Sean Ray | Asst. A&E Editor 

Finals week is quickly approaching, leaving students everywhere turning their eyes nervously toward their grades and checking how well they have to do to survive. However, not all finals are made equal. Students have long dreaded the words “cumulative final.” After all, now they not only have to study all the material from the middle of the year onwards, but also go back to those vaguely remembered first few chapters. However, could there be positive benefits to cumulative finals? Many students and teachers have weighed in their opinion of which kind of final they prefer, stating upsides and downsides to each.

Alexa Wilk, Brooke Wahlgren and Maggie Hyland, all freshmen at Rangos School of Nursing expressed their distastes for cumulative finals.

All three stated they preferred non-cumulative finals, listing negatives such as going over the same information and the higher amount of material that had to be studied. However, sophomore in the school of music Pat Spallinger expressed a different opinion.

“I prefer cumulative because everything in my major is cumulative. You know everything so well by the time of the final since you use the same stuff,” Spallinger said.

Most teachers seemed to agree with Spallinger. Dr. George Bradley, a professor in the department of mathematics and computer science, said he preferred cumulative on the grounds that in “most of our courses, students have to go on to another class, so it is good to review everything.”

Professor Jennie Schulze, a political science professor, agreed with the sentiment, stating “I prefer giving cumulative finals because my courses tend to be very theoretical and the theories we begin with tend to carry throughout the course.”

However, there was an odd man, or in this case, teacher out with Dr. Fatiha Benmokhtar, assistant professor of nuclear physics, who stated that she preferred giving non-cumulative exams. “The last chapters in my lecture require all the knowledge themselves, but I don’t want to tell students all the chapters are needed so they spend all their time studying introductory chapters.”

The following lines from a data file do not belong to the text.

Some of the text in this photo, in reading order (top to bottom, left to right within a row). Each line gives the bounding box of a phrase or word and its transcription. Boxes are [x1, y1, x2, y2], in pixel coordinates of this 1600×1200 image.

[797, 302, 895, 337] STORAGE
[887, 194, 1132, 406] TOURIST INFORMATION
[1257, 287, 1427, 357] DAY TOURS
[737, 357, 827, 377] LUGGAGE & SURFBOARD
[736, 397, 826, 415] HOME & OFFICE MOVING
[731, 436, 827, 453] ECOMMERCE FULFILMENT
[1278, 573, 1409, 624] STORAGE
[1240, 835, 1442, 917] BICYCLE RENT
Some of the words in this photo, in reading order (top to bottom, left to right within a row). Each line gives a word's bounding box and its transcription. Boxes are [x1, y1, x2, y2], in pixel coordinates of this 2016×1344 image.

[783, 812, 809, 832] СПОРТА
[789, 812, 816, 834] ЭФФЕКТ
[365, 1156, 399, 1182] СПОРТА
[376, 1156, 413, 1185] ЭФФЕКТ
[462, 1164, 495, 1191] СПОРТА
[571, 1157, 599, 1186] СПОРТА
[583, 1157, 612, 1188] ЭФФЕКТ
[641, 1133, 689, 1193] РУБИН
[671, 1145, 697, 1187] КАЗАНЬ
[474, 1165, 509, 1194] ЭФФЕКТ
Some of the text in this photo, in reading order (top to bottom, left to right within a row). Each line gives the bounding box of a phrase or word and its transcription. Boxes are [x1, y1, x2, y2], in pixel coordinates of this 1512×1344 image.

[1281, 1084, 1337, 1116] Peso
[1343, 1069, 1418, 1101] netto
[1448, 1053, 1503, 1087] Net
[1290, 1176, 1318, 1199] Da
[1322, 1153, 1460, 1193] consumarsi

So, it would seem the student-teacher population is fairly split down the center, with students largely preferring non-cumulative and teachers preferring cumulative. Well, as a student myself, I’m going to play a bit of devil’s advocate and say there are actually benefits to both.

Non-cumulative has the obvious advantages. As said, it makes studying much simpler and forgoes going over the same material for a second time. However, in my experience, cumulative finals tend to actually be easier for a simple reason: more material means less in-depth questions.

Imagine if you are a teacher and making a final test. If you have a cumulative one, you would have so much material to cover with only so few questions. You likely wouldn’t get the chance to ask for very specific details and instead try to make sure students understand the broader strokes of what was taught.

Furthermore, as a student, cumulative finals are a valuable resource in letting one know how well they truly understood a subject. Do poorly on a physics final? Maybe you need to take another class of it to understand it more.

After all, we are attending Duquesne not to get a free and easy ride through college but to learn. And it is very important to know how well you actually have learned.

Ultimately, however, I believe the choice of non-cumulative or cumulative comes down to the course in and of itself. In some classes, things that are learned in the first pre-midterm might have nothing to do with what is learned post-midterm. Math tends to have this issue, where equations and figures that are valuable in the work at the start has nothing to do with what is being done later on.

However, with sciences and social sciences, theories and laws are something that one constantly uses throughout not just the current course but into other classes as well. Things I learned in my first year studying political science are still relevant now, for example. The same could be said for art classes such as music or graphic design, where techniques never become irrelevant.

What tends to be the issue with cumulative finals is when they are used inappropriately, when they are used with no real reason to do so. Cumulative finals do mean that more will have to be studied, and if they are used at the wrong time, it can unnecessarily stress out a student as they re-read text book after text book. If one believes this to be the case, it might be wise to ask a teacher why they made the final cumulative.

In any case, I wish everyone good luck on their finals, cumulative or otherwise. And make sure not to stay up too late.